We see how the cards are stacked against women everywhere. I have seen powerful, smart women stagnate or stall in their careers after taking time to have children. Certainly, we have evolved as a society, and the job of childcare is shouldered by both men and women. However, there still is a significant imbalance, which results in women either downshifting their careers, giving up on their passions, leaving the workforce entirely, or facing significant obstacles and disadvantages when they choose to re-enter the workforce. 

 In 2020 alone, a year that has been marked by significant challenges, women have been disproportionately impacted in the work world, thus facing intense barriers including the loss of jobs and stymied careers. This has an immediate effect on the individual, but also in her family, community, and society at large. When women leave the workforce, it cuts into the future of women leaders.

 It is critical that we change mindset around women’s equity and be advocates for change. We need to take the steps to shift the conversation and put an emphasis on progressing parity. Whether it be starting a business, raising caring children, or pursuing any passion, every woman’s purpose and voice is worthy of being nurtured, honored, and respected. These decisions are what grow our society. Until we have a world that supports every woman's choices rather than penalize them, we need to fight.
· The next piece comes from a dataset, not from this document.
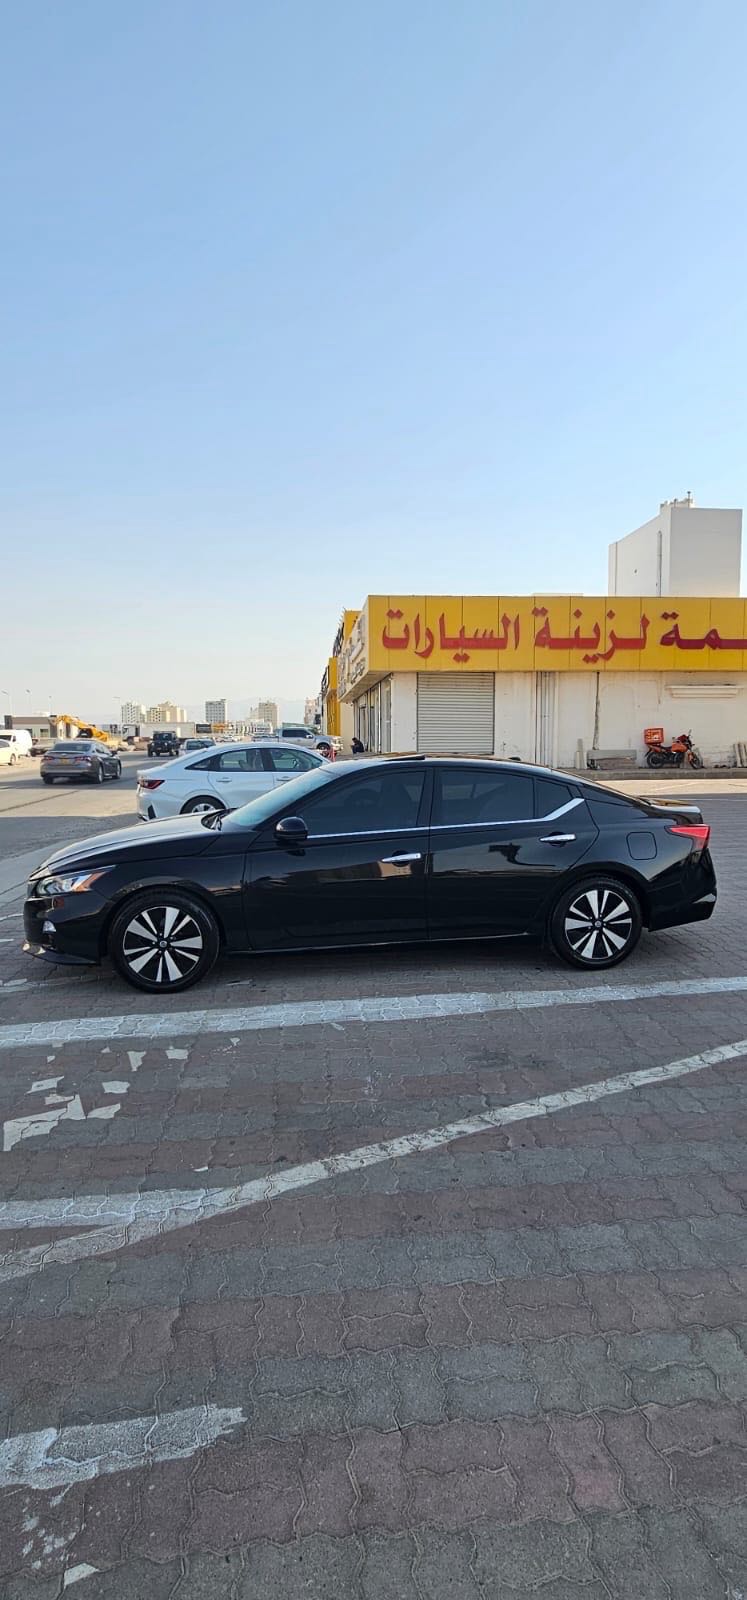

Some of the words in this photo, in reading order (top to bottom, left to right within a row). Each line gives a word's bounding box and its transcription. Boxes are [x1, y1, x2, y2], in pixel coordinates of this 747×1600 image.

[382, 608, 520, 664] السيارات
[531, 607, 650, 664] لزينة
[660, 612, 747, 650] مة
 One of the most influential ways to do this is to invest in ourselves. We need to own our dreams and accomplishments. We need to rally for progressive work policies, support female entrepreneurs, offer inclusive maternal leave, and buoy what we truly want each and every day. That is up to us. Quieting our voices doesn’t lead to true change. Pursuing our passions, fighting for our worth, and bolstering our personal agency does.

 By doing this we are doing two giant things: We’re giving credence to our dreams and we’re working to knock down a systemic issue that has, for too long, become central to modern life. It is scary, I know. I have left the workforce, had a child, experimented, and started businesses all facing great precarity. I have experienced ups and downs and weathered huge learning curves. It is hard but it is worth it. I know my voice is worthy. And when I face doubt, I think back to my daughter raising her little hand in class. I want to set the tone for her and all girls that our voices need to be heard.  

 So let’s all go forth, dream big, and evolve the system. We need your voice, and your power. I am here cheering you on.